# BRIEF
Copy every record exactly.

(Stored data entries)
----
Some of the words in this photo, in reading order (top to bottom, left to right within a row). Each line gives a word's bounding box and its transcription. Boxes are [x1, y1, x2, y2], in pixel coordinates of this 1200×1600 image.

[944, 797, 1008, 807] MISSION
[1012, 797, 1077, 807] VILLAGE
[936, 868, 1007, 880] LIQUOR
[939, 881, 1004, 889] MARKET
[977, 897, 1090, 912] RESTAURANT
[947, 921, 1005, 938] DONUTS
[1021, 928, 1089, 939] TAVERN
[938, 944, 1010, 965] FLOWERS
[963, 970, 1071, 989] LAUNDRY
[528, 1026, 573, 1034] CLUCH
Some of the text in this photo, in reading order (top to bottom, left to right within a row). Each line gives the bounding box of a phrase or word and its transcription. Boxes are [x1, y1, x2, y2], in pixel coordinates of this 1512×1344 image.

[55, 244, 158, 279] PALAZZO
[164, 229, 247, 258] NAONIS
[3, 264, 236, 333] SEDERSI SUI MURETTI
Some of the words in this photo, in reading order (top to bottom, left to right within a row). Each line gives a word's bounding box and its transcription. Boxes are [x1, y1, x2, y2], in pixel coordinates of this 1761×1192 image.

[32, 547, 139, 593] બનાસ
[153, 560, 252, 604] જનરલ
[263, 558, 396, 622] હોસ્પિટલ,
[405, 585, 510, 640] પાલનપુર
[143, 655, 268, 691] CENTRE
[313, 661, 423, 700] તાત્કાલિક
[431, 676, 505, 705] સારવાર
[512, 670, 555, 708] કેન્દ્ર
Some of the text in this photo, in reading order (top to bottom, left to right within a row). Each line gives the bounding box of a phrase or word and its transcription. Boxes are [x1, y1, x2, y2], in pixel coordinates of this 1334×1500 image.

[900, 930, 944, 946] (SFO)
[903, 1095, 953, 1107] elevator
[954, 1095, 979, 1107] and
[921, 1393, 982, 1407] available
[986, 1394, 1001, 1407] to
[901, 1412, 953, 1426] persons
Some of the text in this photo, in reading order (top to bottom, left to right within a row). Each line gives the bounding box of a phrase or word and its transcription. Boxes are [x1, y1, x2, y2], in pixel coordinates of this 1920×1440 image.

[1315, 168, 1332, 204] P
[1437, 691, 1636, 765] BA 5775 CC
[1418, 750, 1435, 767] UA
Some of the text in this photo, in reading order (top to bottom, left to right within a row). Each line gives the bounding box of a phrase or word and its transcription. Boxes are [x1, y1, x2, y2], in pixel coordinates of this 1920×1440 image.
----
# RESULT FOR THIS TASK
Some of the words in this photo, in reading order (top to bottom, left to right within a row). Each line gives a word's bounding box and its transcription. Boxes are [x1, y1, x2, y2], in pixel coordinates of this 1200×1600 image.

[944, 797, 1008, 807] MISSION
[1012, 797, 1077, 807] VILLAGE
[936, 868, 1007, 880] LIQUOR
[939, 881, 1004, 889] MARKET
[977, 897, 1090, 912] RESTAURANT
[947, 921, 1005, 938] DONUTS
[1021, 928, 1089, 939] TAVERN
[938, 944, 1010, 965] FLOWERS
[963, 970, 1071, 989] LAUNDRY
[528, 1026, 573, 1034] CLUCH
Some of the text in this photo, in reading order (top to bottom, left to right within a row). Each line gives the bounding box of a phrase or word and its transcription. Boxes are [x1, y1, x2, y2], in pixel coordinates of this 1512×1344 image.

[55, 244, 158, 279] PALAZZO
[164, 229, 247, 258] NAONIS
[3, 264, 236, 333] SEDERSI SUI MURETTI
Some of the words in this photo, in reading order (top to bottom, left to right within a row). Each line gives a word's bounding box and its transcription. Boxes are [x1, y1, x2, y2], in pixel coordinates of this 1761×1192 image.

[32, 547, 139, 593] બનાસ
[153, 560, 252, 604] જનરલ
[263, 558, 396, 622] હોસ્પિટલ,
[405, 585, 510, 640] પાલનપુર
[143, 655, 268, 691] CENTRE
[313, 661, 423, 700] તાત્કાલિક
[431, 676, 505, 705] સારવાર
[512, 670, 555, 708] કેન્દ્ર
Some of the text in this photo, in reading order (top to bottom, left to right within a row). Each line gives the bounding box of a phrase or word and its transcription. Boxes are [x1, y1, x2, y2], in pixel coordinates of this 1334×1500 image.

[900, 930, 944, 946] (SFO)
[903, 1095, 953, 1107] elevator
[954, 1095, 979, 1107] and
[921, 1393, 982, 1407] available
[986, 1394, 1001, 1407] to
[901, 1412, 953, 1426] persons
Some of the text in this photo, in reading order (top to bottom, left to right within a row). Each line gives the bounding box of a phrase or word and its transcription. Boxes are [x1, y1, x2, y2], in pixel coordinates of this 1920×1440 image.

[1315, 168, 1332, 204] P
[1437, 691, 1636, 765] BA 5775 CC
[1418, 750, 1435, 767] UA
Some of the text in this photo, in reading order (top to bottom, left to right within a row). Each line gives the bounding box of a phrase or word and its transcription. Boxes are [x1, y1, x2, y2], in pixel coordinates of this 1920×1440 image.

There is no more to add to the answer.